Hugues Vanel, président de la fédération régionale du bâtiment de Bretagne salue « le courage de cette démarche, et cette volonté de transparence de la part du conseil régional ». Pour Stéphane Durand-Guyomard, président de l’union des industries de carrières et matériaux de construction de Bretagne, « il est important que Breizh Bâti aide les entreprises bretonnes à répondre aux marchés publics de la région. »

 

Lancement de l’atelier breton

 

L’autre annonce de la journée est le lancement d’une consultation publique en ligne pour l’élaboration concertée et collective du « schéma des achats économiquement responsables ». En parallèle, deux autres consultations sont également lancées par la région et concernent la politique agricole commune (PAC) et la politique de cohésion européenne (PCE).

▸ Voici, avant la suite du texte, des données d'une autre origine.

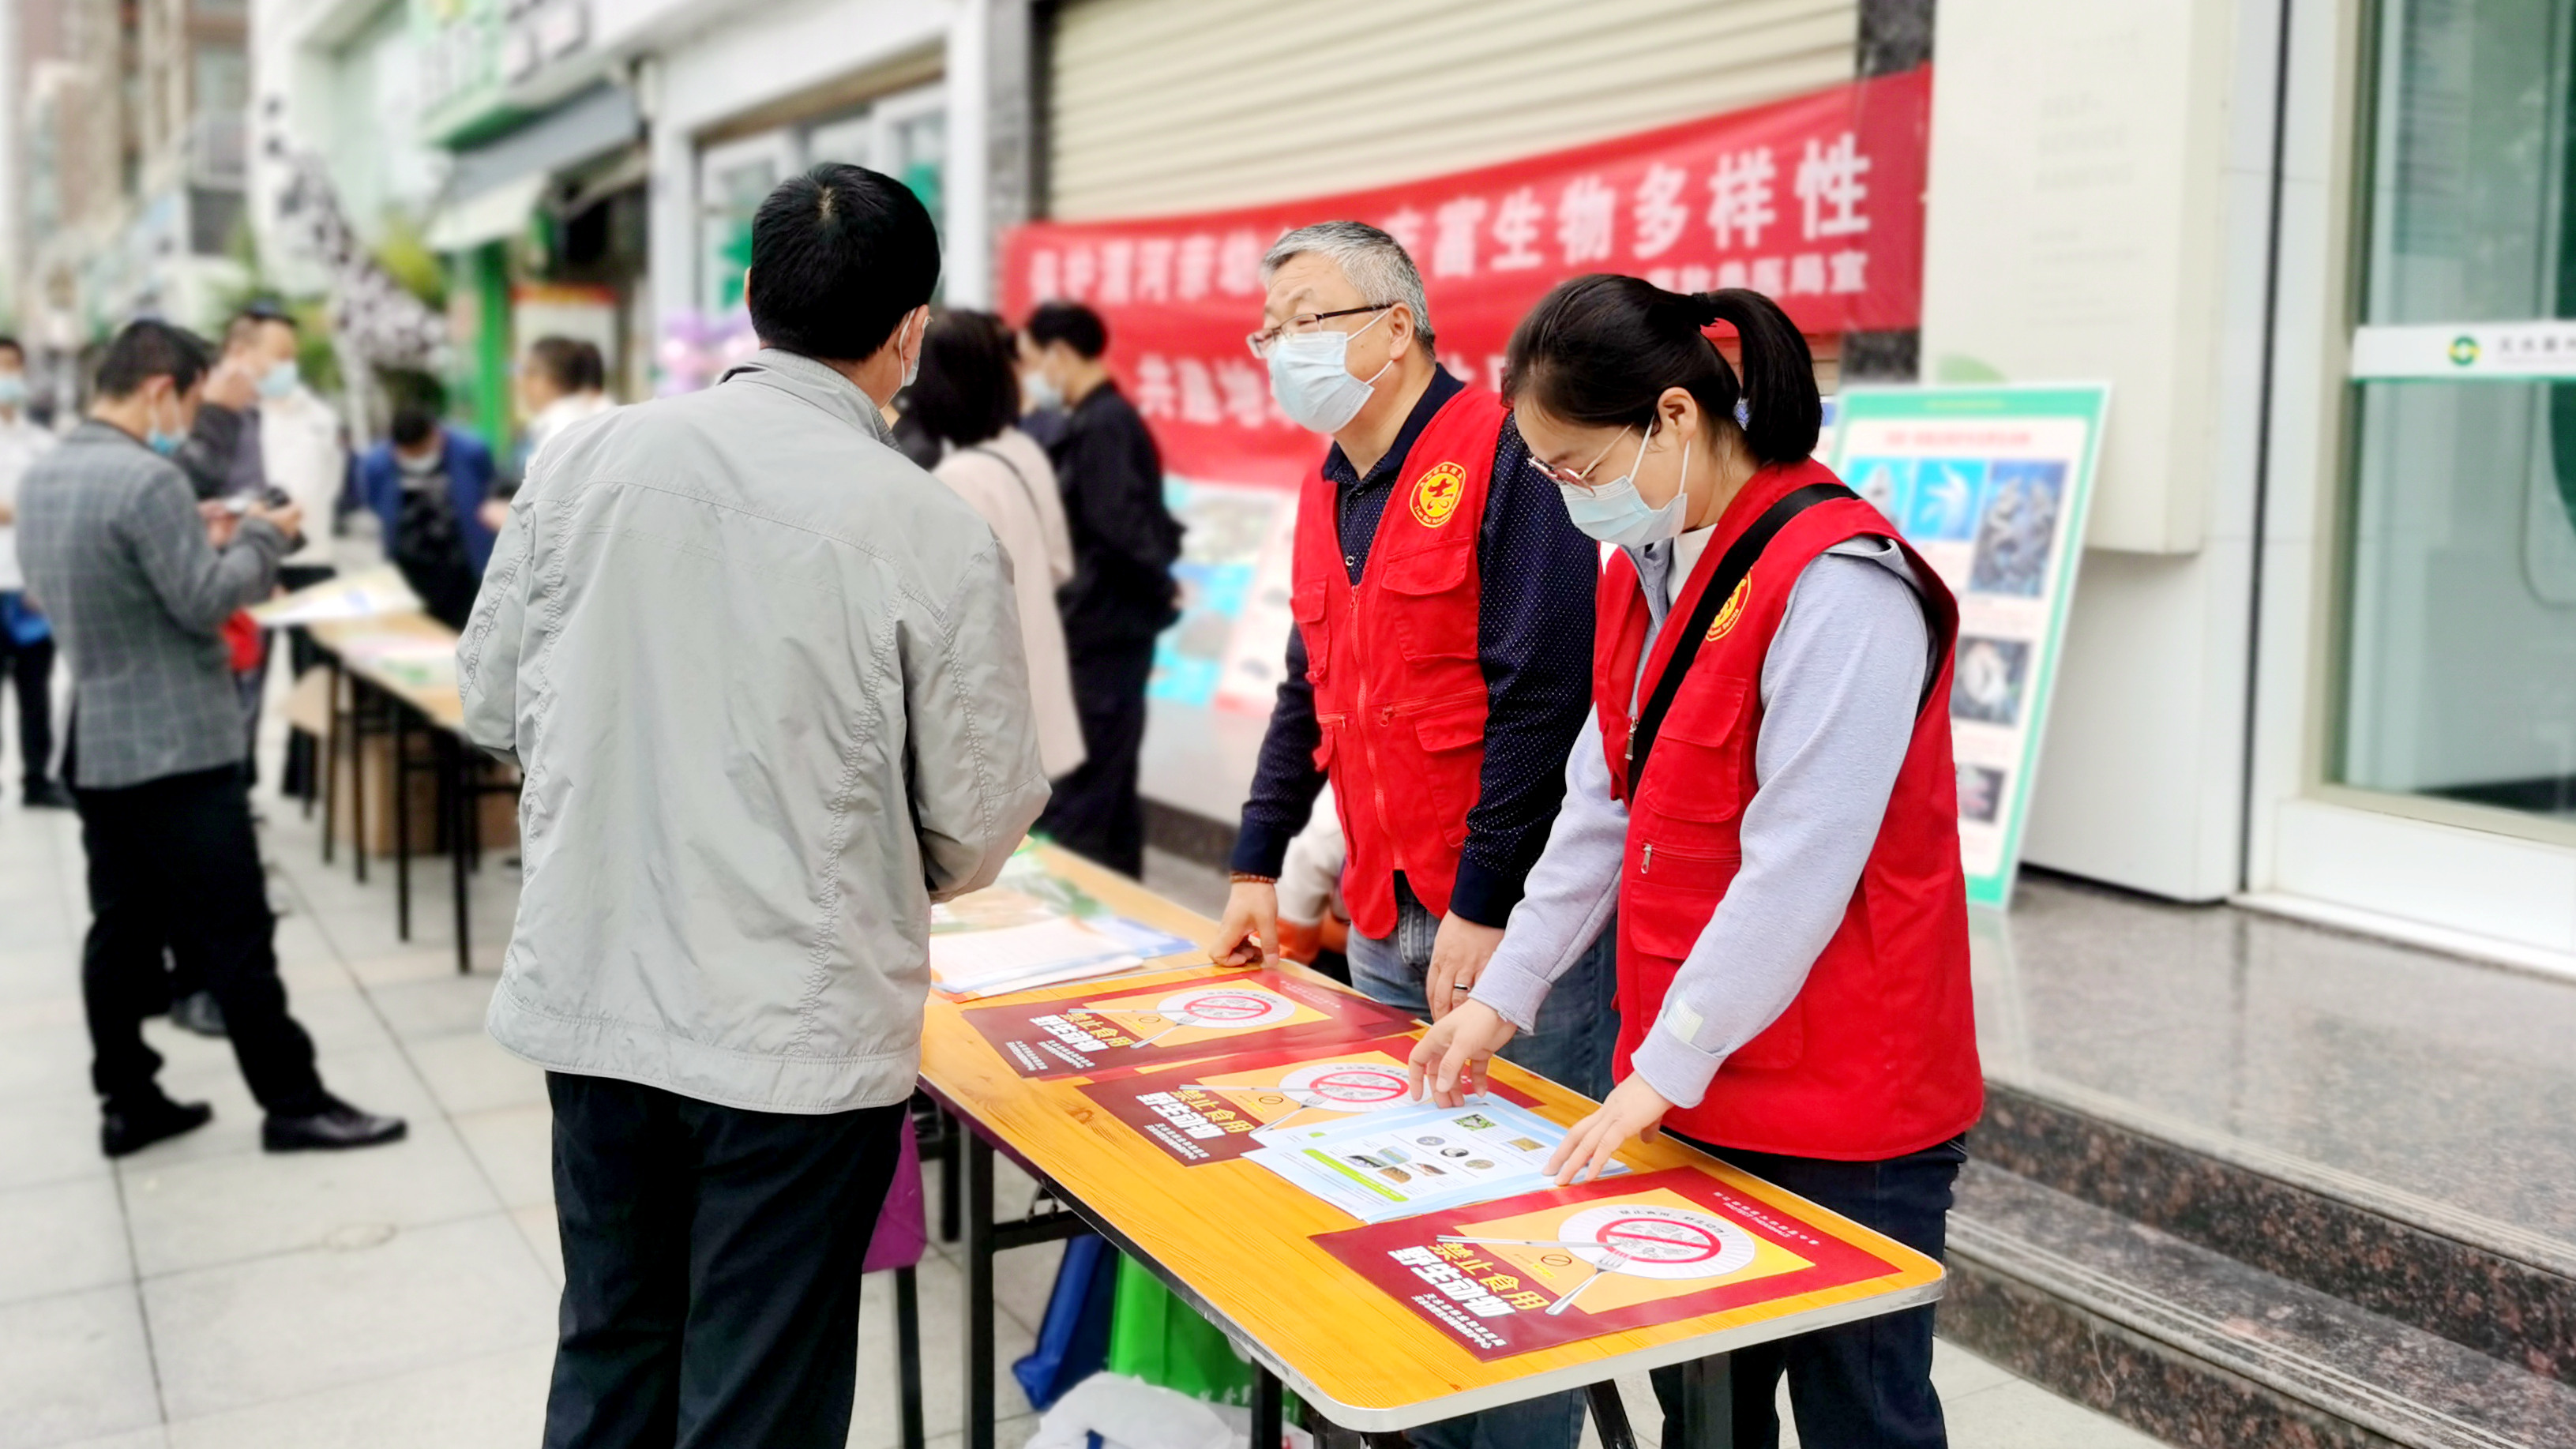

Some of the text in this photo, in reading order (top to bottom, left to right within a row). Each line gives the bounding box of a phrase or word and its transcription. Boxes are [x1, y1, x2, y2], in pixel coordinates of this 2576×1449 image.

L’atelier breton, du nom de la plateforme qui supporte cette nouvelle consultation, est organisé autour de neuf domaines d’achats, qui correspondent aux domaines de compétences de la région, mais aussi de l’ensemble des collectivités locales du territoire. Chaque domaine est décliné en trois axes correspondant aux responsabilités que porte le conseil régional : économique, sociale et solidaire et environnementale. Enfin, les axes sont eux-mêmes divisés en chantier (de 1 à 4). Par exemple, pour le domaine de la construction, les contributeurs peuvent faire des propositions pour permettre des relations contractuelles respectueuses et équilibrées ou bien pour une juste qualité au juste prix ou encore pour des offres de qualité et innovantes…

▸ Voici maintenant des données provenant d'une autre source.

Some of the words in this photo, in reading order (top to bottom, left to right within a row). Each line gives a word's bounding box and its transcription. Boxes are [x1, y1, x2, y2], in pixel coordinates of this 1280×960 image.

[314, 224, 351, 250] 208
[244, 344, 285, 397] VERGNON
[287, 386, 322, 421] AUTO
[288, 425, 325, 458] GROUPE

« L’idée est de faire le lien entre les acheteurs, les fournisseurs et les politiques, afin d’élaborer un schéma des achats économiquement responsables qui sera publié en ligne et mis à jour régulièrement », commente Céline Faivre, directrice des affaires juridiques et de la commande publique du conseil régional de Bretagne. Il sera ensuite soumis à approbation en assemblée délibérante avant un avis demandé au Conseil économique social et environnementale régional (Ceser).

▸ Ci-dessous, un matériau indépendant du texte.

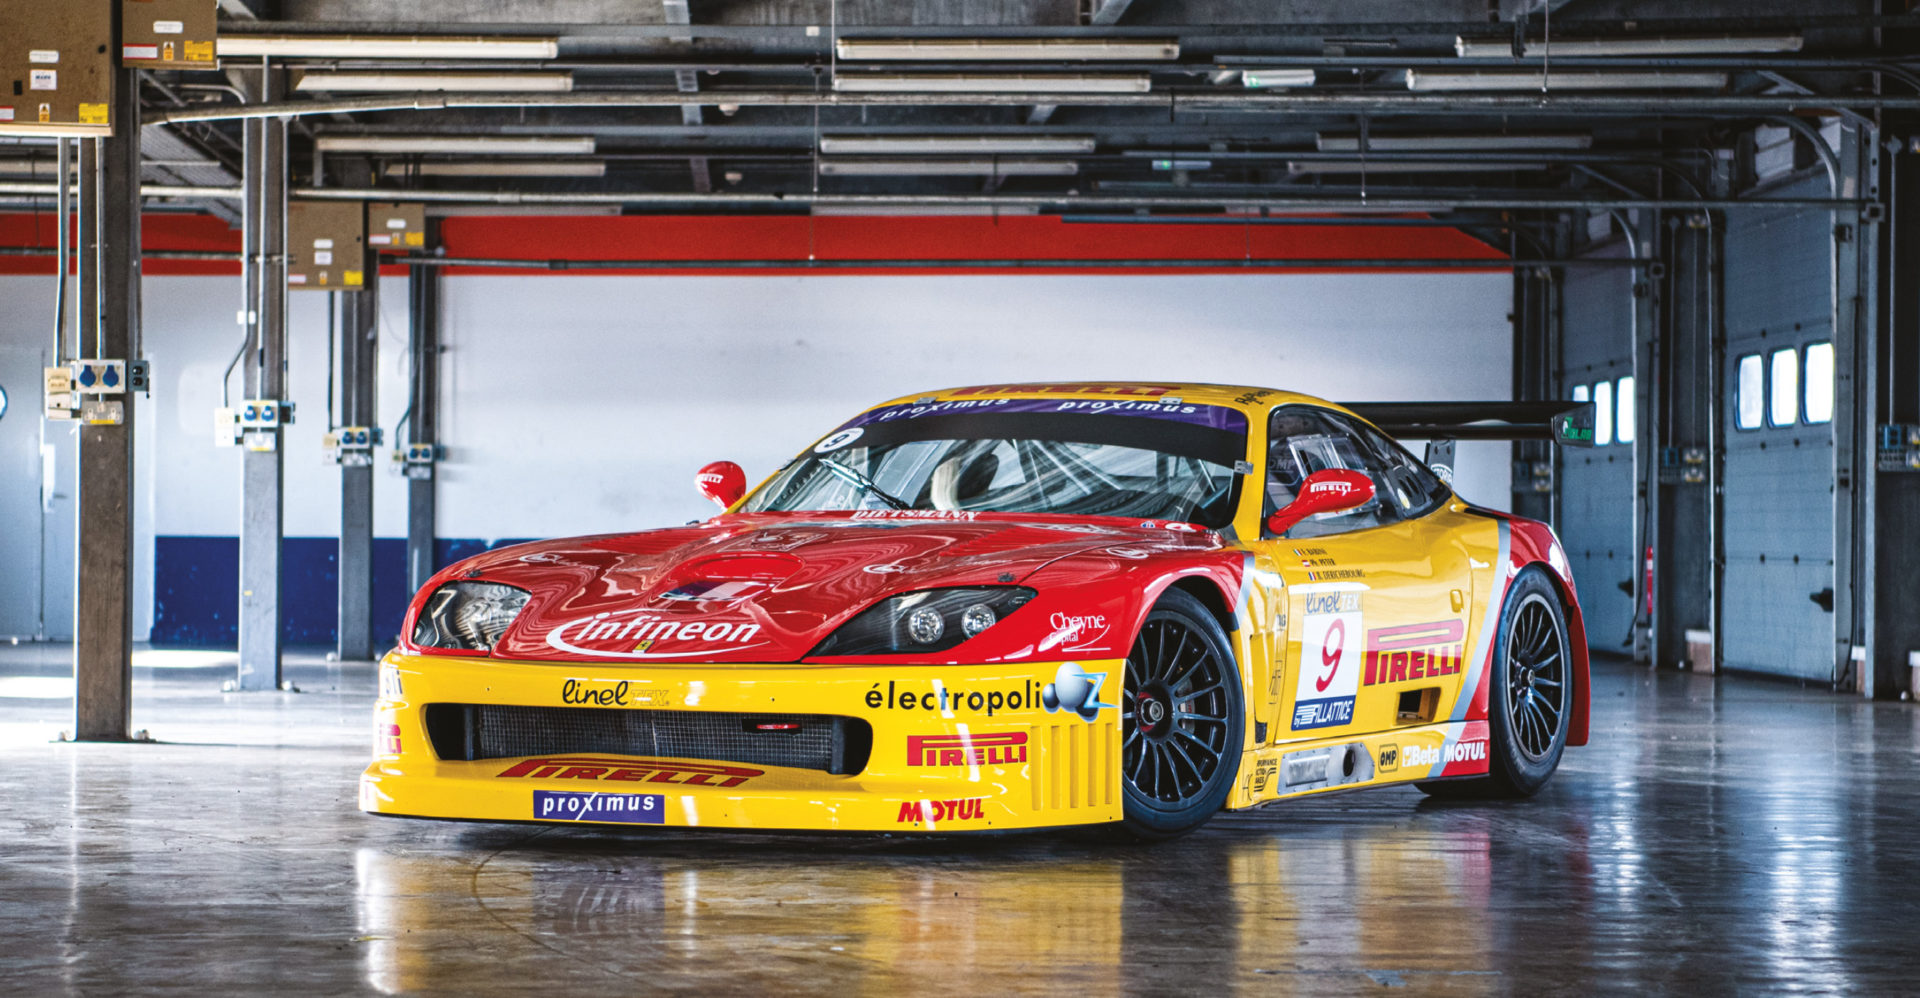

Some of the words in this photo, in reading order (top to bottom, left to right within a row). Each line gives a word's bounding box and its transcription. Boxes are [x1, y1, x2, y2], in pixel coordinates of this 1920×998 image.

[878, 398, 1011, 422] proximus
[1057, 400, 1198, 414] proximus
[823, 434, 850, 448] 9
[1310, 481, 1352, 494] PIRELLI
[850, 510, 980, 521] DIETSMANN
[1306, 590, 1340, 614] linel
[574, 612, 761, 643] infineon
[1050, 611, 1105, 634] Cheyne
[1315, 618, 1346, 692] 9
[1363, 618, 1465, 686] PIRELLI
[562, 678, 629, 706] linel
[865, 679, 1041, 717] électropoli
[907, 731, 1029, 766] PIRELLI
[1380, 750, 1397, 766] OMP
[1410, 744, 1440, 766] Beta
[1444, 742, 1486, 763] MOTUL
[495, 757, 766, 788] PIRELLI
[542, 792, 655, 821] proximus
[897, 798, 984, 823] MOTUL

Côté calendrier : la consultation est lancée pour deux mois, elle se terminera le 4 décembre.

 

Une dématérialisation massive dès le 1er janvier 2018

 

Le 1er octobre 2018, les entreprises seront dans l’obligation de répondre électroniquement aux appels d’offres. Il ne reste donc que quelques mois. De son côté, le conseil régional voudrait anticiper cette échéance, et « souhaite qu’à partir du 1er janvier 2018, 80% des marchés puissent être totalement dématérialisés », explique Céline Faivre. Mais la dématérialisation des marchés publics, ce n’est pas seulement la réponse, cela concerne aussi la signature électronique des contrats. Ainsi, la région a équipé l’ensemble des agents qui sont détenteurs d’une délégation de signature de certificats électroniques (plus de 70 certificats ont été déployés).